»»
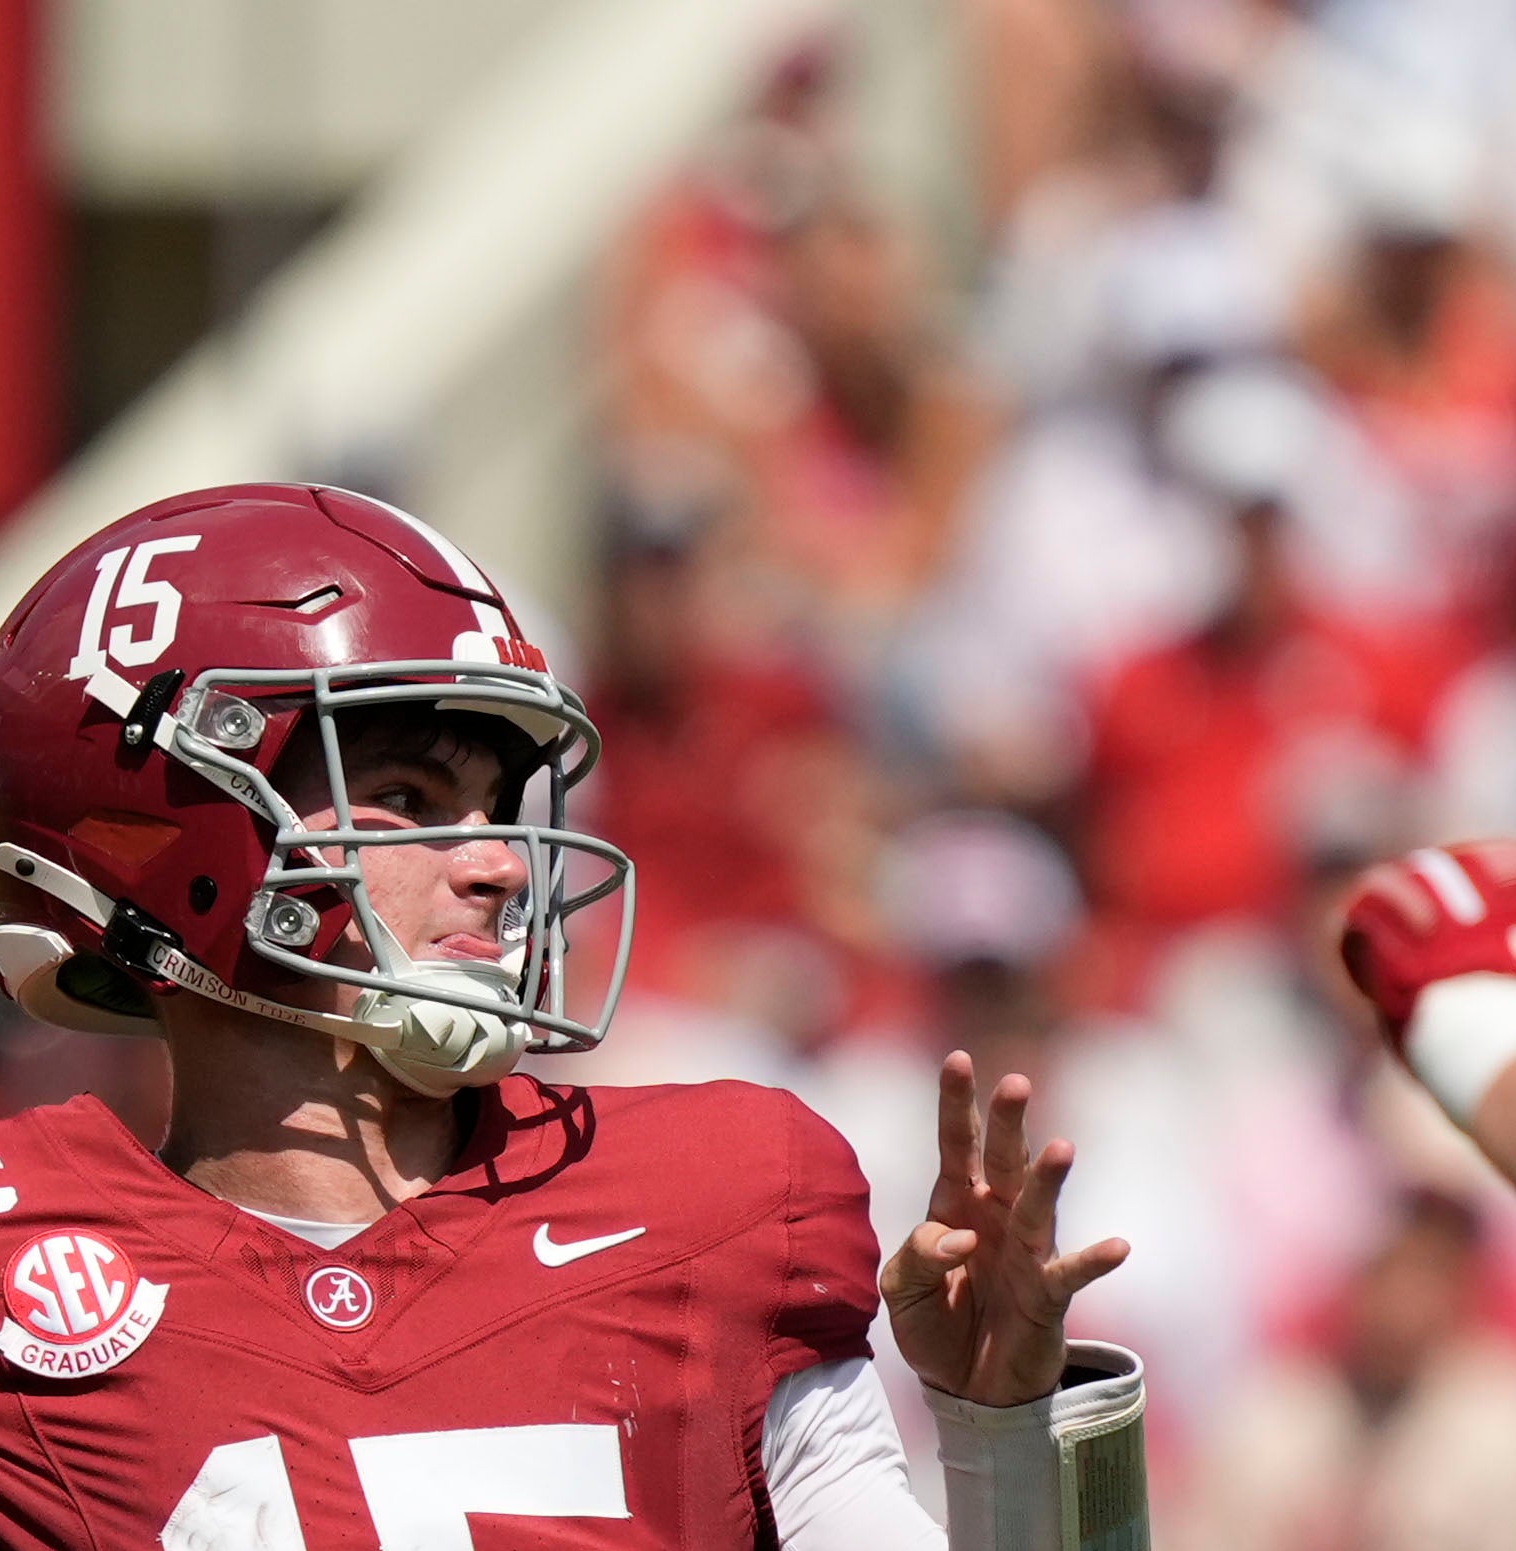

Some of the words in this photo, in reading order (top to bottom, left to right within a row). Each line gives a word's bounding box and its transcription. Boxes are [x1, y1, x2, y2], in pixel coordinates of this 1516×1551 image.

[69, 535, 202, 681] 15
[152, 945, 248, 1007] CRIMSON
[256, 1002, 306, 1025] TIDE
[14, 1235, 125, 1336] SEC
[318, 1276, 360, 1314] A
[21, 1310, 152, 1374] GRADUATE
««
» TASK ITEM
Only the text is to be copied: please reproduce the records exactly and drop the pictures.

» TASK ANSWER
Some of the words in this photo, in reading order (top to bottom, left to right within a row). Each line gives a word's bounding box and its transcription. Boxes are [x1, y1, x2, y2], in pixel coordinates of this 1516×1551 image.

[69, 535, 202, 681] 15
[152, 945, 248, 1007] CRIMSON
[256, 1002, 306, 1025] TIDE
[14, 1235, 125, 1336] SEC
[318, 1276, 360, 1314] A
[21, 1310, 152, 1374] GRADUATE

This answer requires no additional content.